Choisir les études en sciences et technologies : Nouvelles frontières

Choisir les études en sciences et technologies : Nouvelles frontières

Dans sa politique sur les universités parue en février dernier, le ministère de l’Éducation s’inquiétait du manque de relève dans les domaines scientifique et technologique. Ainsi, les jeunes sont trois fois moins nombreux à marcher sur les traces d’Albert Einstein et de Bill Gates que sur celles de Jean-Jacques Rousseau. En toute connaissance de cause?

Seul un finissant sur cinq à l’université est inscrit à un programme en sciences et technologies au Québec. Plus important encore: la proportion de diplômes universitaires décrochés par des étudiants en sciences pures a chuté de 8,1 % à 5,8 % entre 1987-1988 et 1995-1996, selon une étude de 1998 du Conseil de la science et de la technologie.

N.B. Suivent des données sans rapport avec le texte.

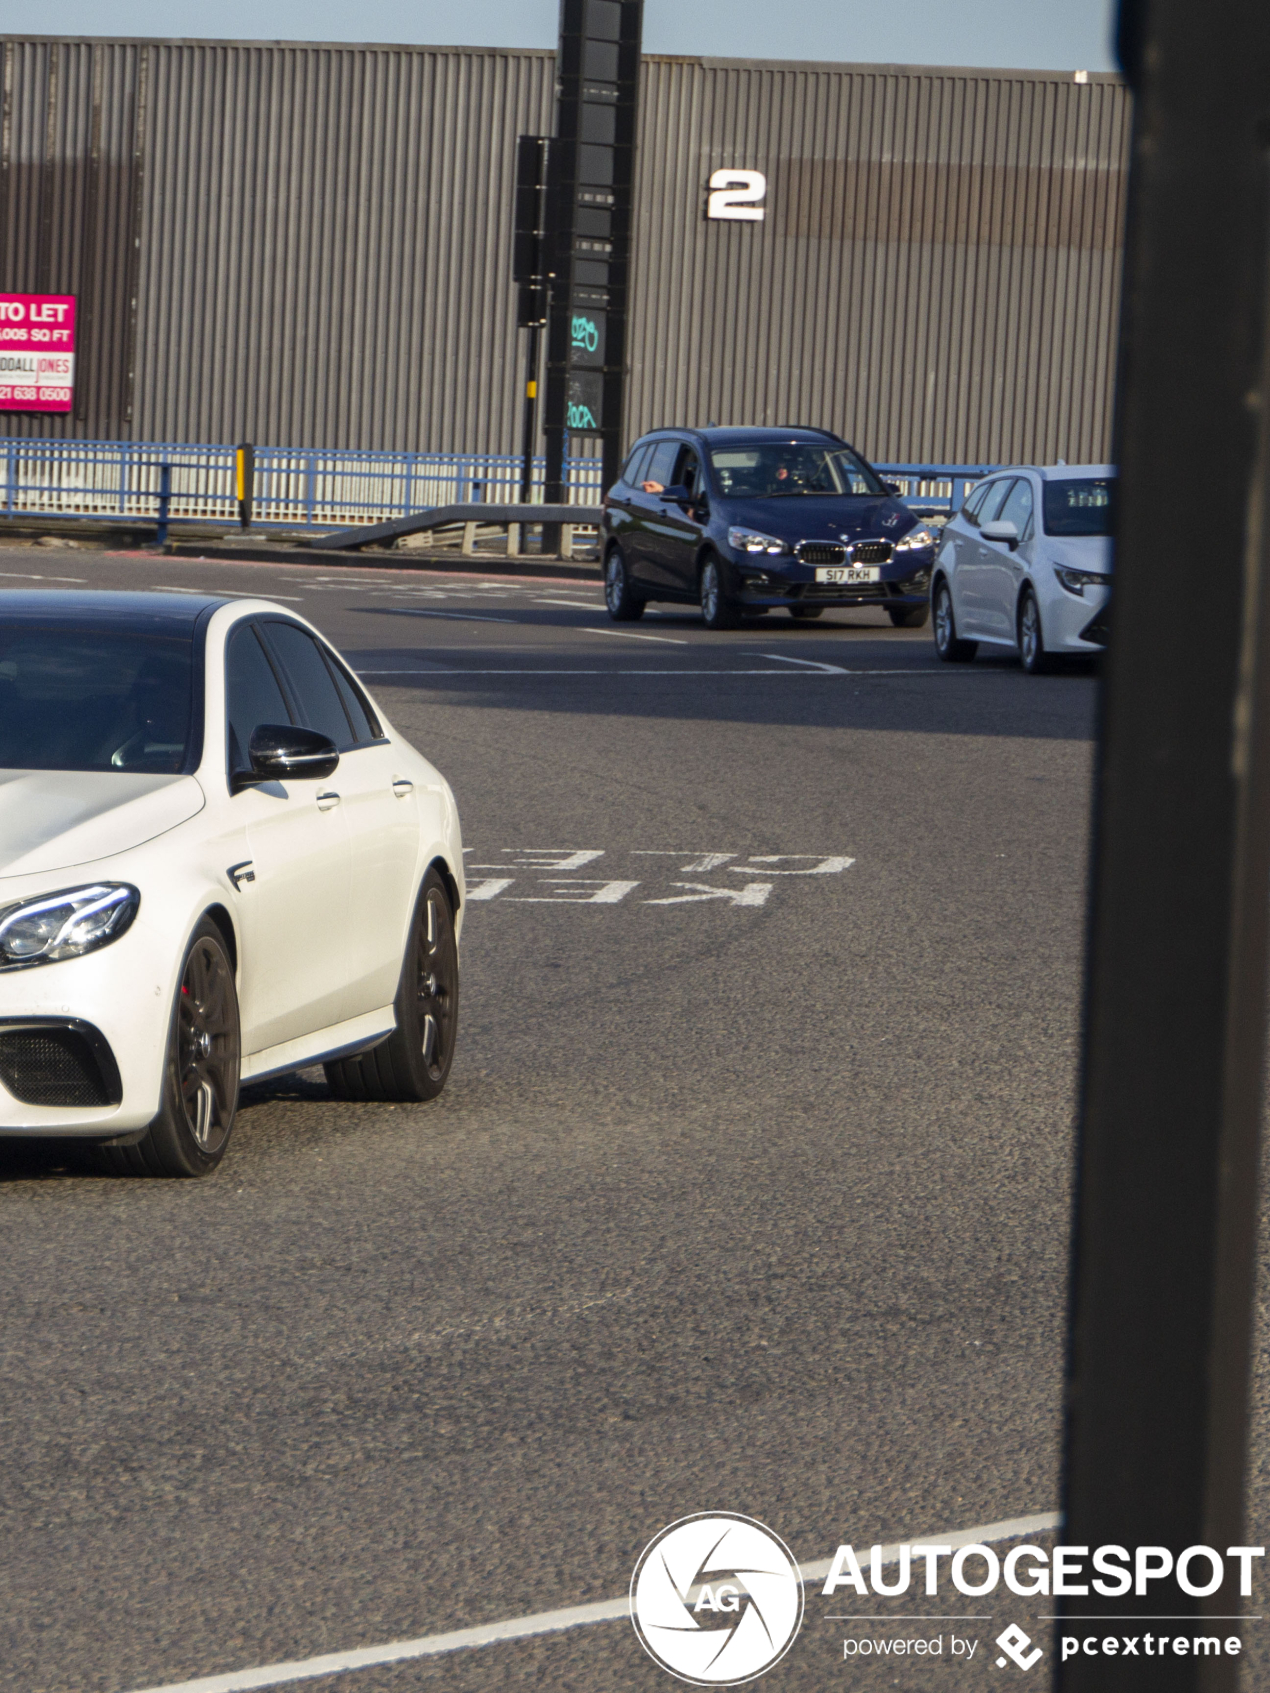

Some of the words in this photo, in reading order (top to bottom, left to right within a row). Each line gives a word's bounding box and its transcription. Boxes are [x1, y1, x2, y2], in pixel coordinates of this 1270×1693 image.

[708, 168, 766, 221] 2
[30, 303, 69, 322] LET
[30, 328, 51, 342] SQ
[52, 329, 71, 342] FT
[39, 387, 71, 401] 0500
[826, 570, 844, 580] S17
[847, 570, 870, 580] RKH

En sciences appliquées, le pourcentage était de 14,2 % en 1995-1996, contre 16,3 % huit ans plus tôt.

Le constat étonne, compte tenu des débouchés qui s’offrent aux disciples de l’éprouvette et du disque dur. "En général, les sciences et technologies présentent de meilleures perspectives d’emploi que les autres secteurs", affirme Wayne Roth, du ministère fédéral du Développement des ressources humaines (DRHC). En guise d’illustration, le nombre d’emplois de professionnels et de techniciens en sciences naturelles et en génie a triplé entre 1971 et 1996, pendant que l’emploi total n’a bondi que de 56 %, d’après le Conseil de la science et de la technologie.

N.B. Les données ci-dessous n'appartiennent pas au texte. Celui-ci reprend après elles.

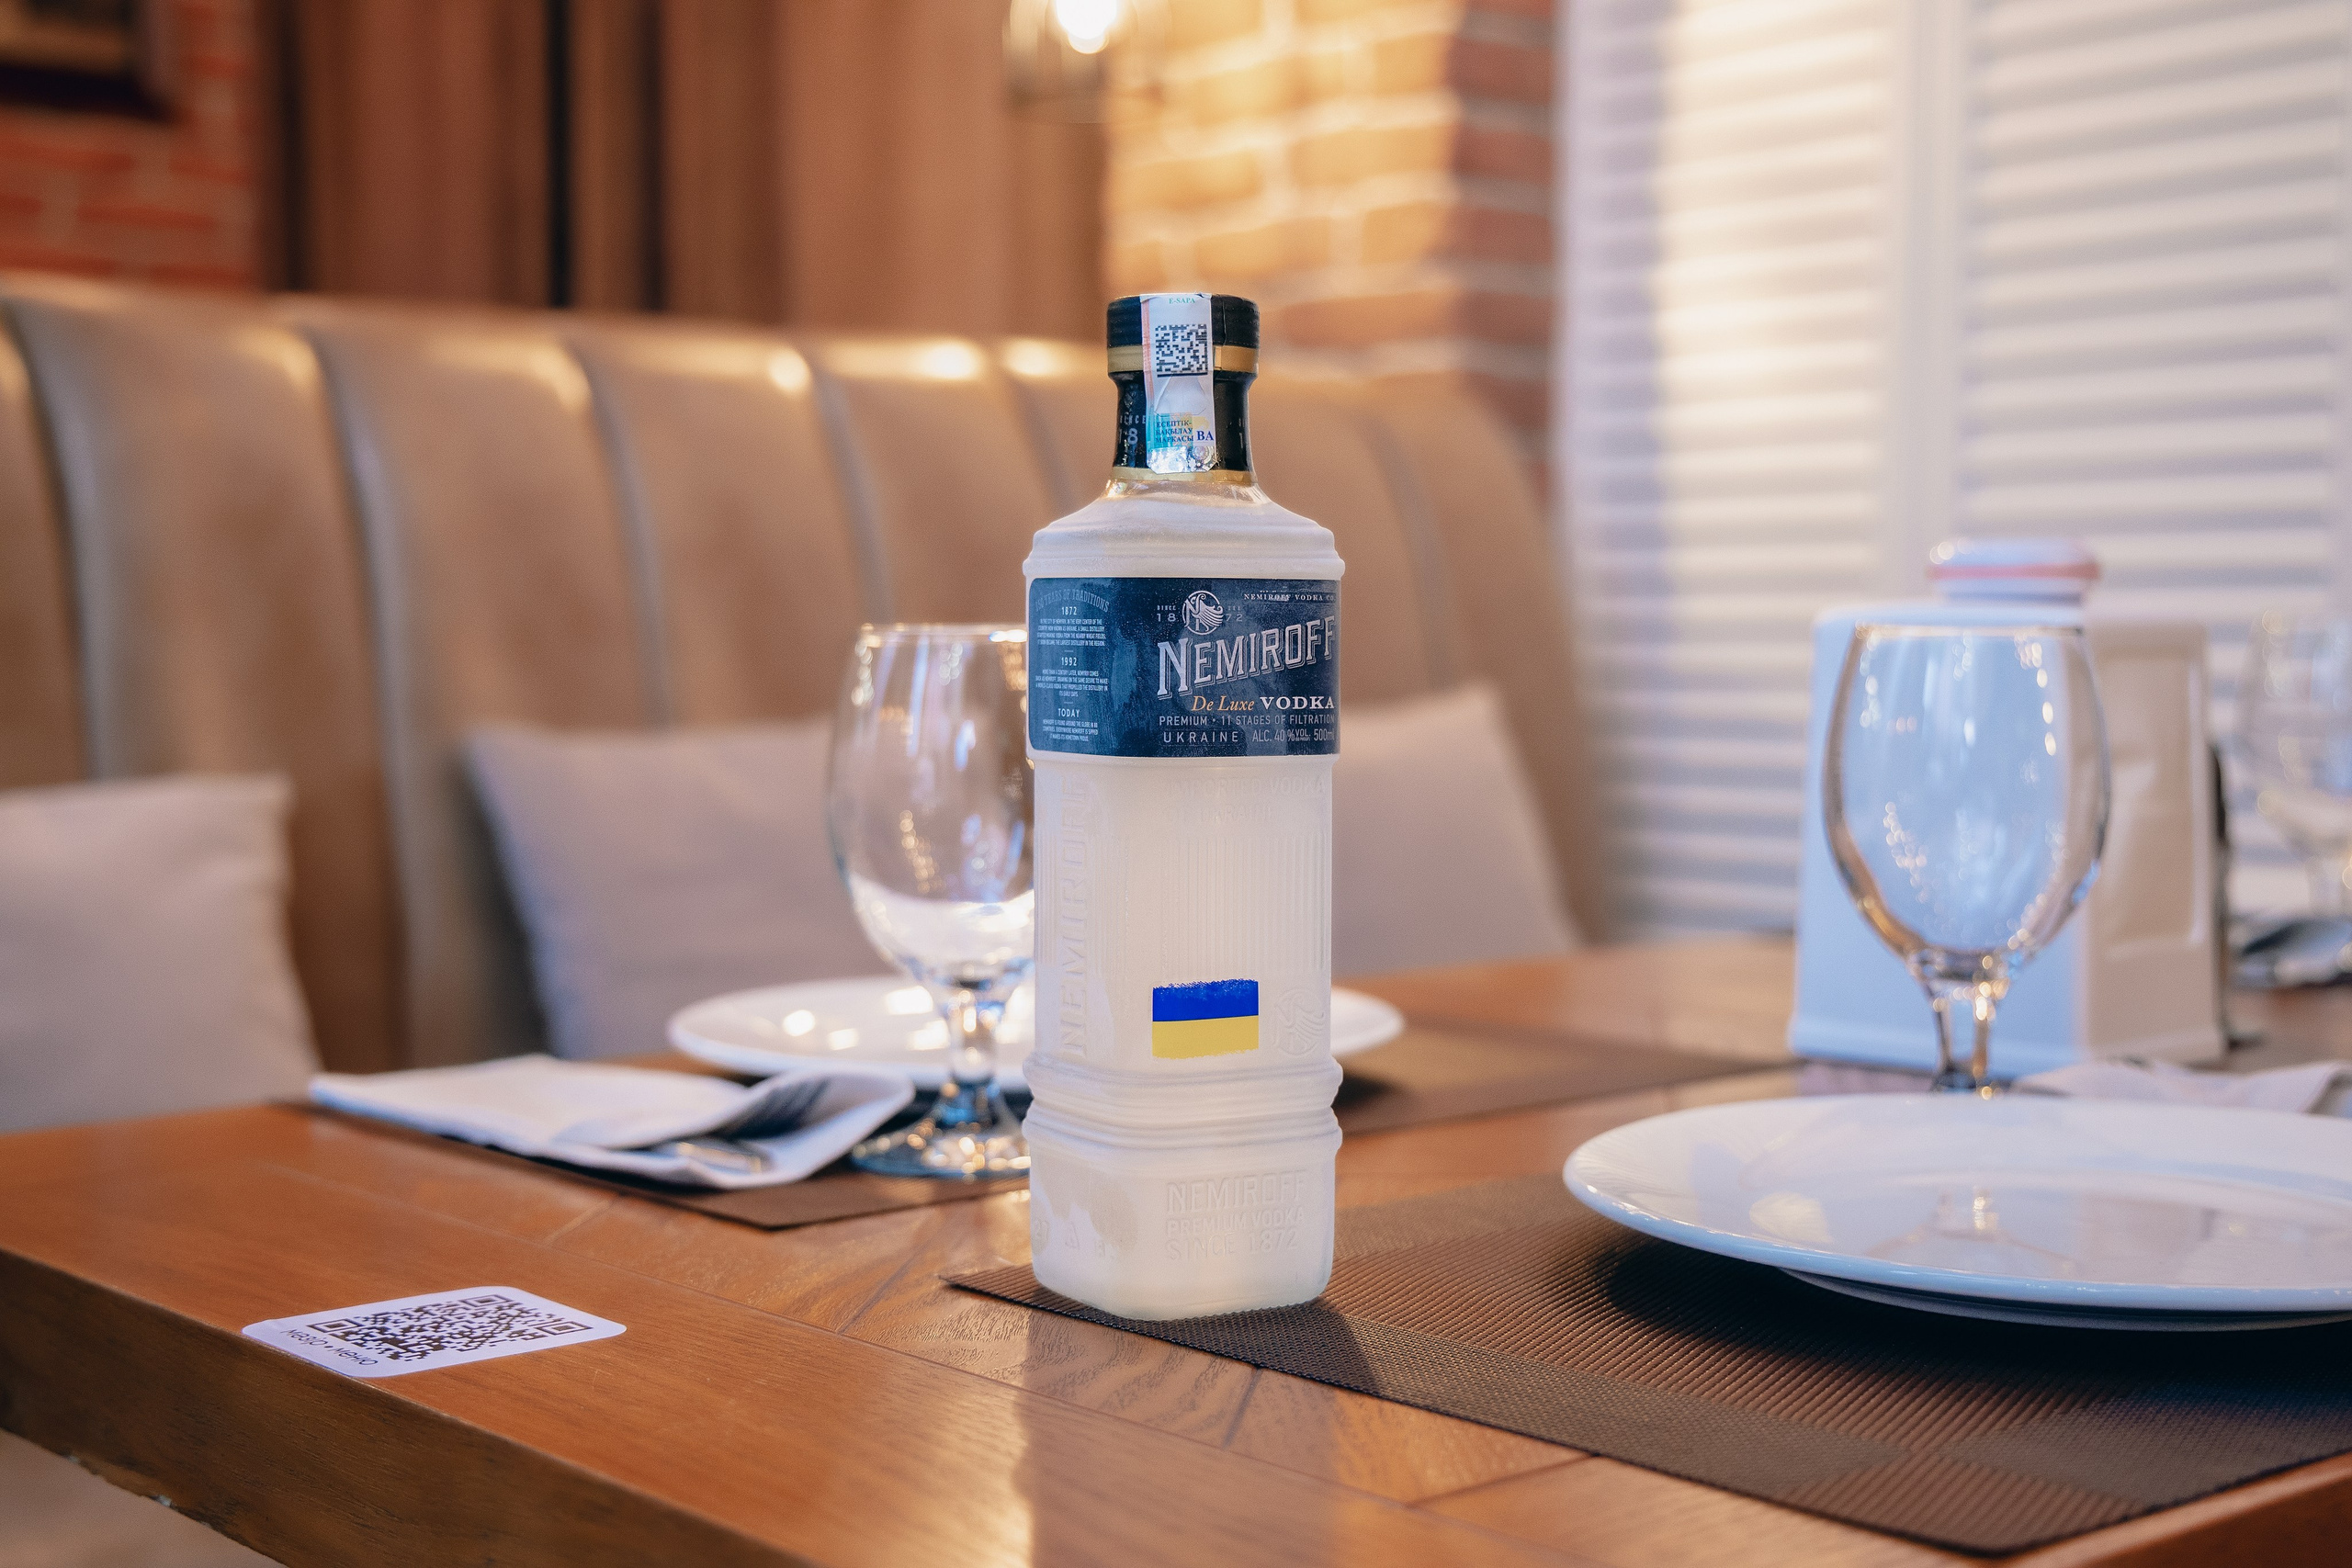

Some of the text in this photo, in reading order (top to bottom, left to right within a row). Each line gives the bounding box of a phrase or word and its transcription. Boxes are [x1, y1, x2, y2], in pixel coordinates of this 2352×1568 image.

[1072, 589, 1110, 613] TRADITIONS
[1244, 593, 1291, 602] NEMIROFF
[1295, 593, 1323, 602] VODKA
[1061, 606, 1078, 615] 1872
[1061, 657, 1078, 666] 1992
[1157, 615, 1336, 701] NEMIROFF
[1191, 695, 1335, 711] De Luxe VODKA
[1057, 707, 1080, 717] TODAY
[1159, 714, 1336, 727] PREMIUM 11 STAGES OF FILTRATION
[1162, 730, 1238, 743] UKRAINE
[1252, 728, 1272, 742] ALC.
[1166, 1169, 1307, 1215] NEMIROFF
[1252, 1205, 1304, 1228] VODKA
[1165, 1225, 1297, 1262] SINCE 1872
[327, 1348, 379, 1365] меню

Les programmes liés aux nouvelles technologies de l’information (TI) mènent le bal. De fait, les représentants patronaux crient à la pénurie d’employés qualifiés dans ce domaine depuis plus de dix ans. En 1997, une étude réalisée par le consortium de gens d’affaires Montréal TechnoVision concluait que la demande de bacheliers ou de diplômés du collégial en TI surpassait de trois fois l’offre pour les années 1996 à 2001!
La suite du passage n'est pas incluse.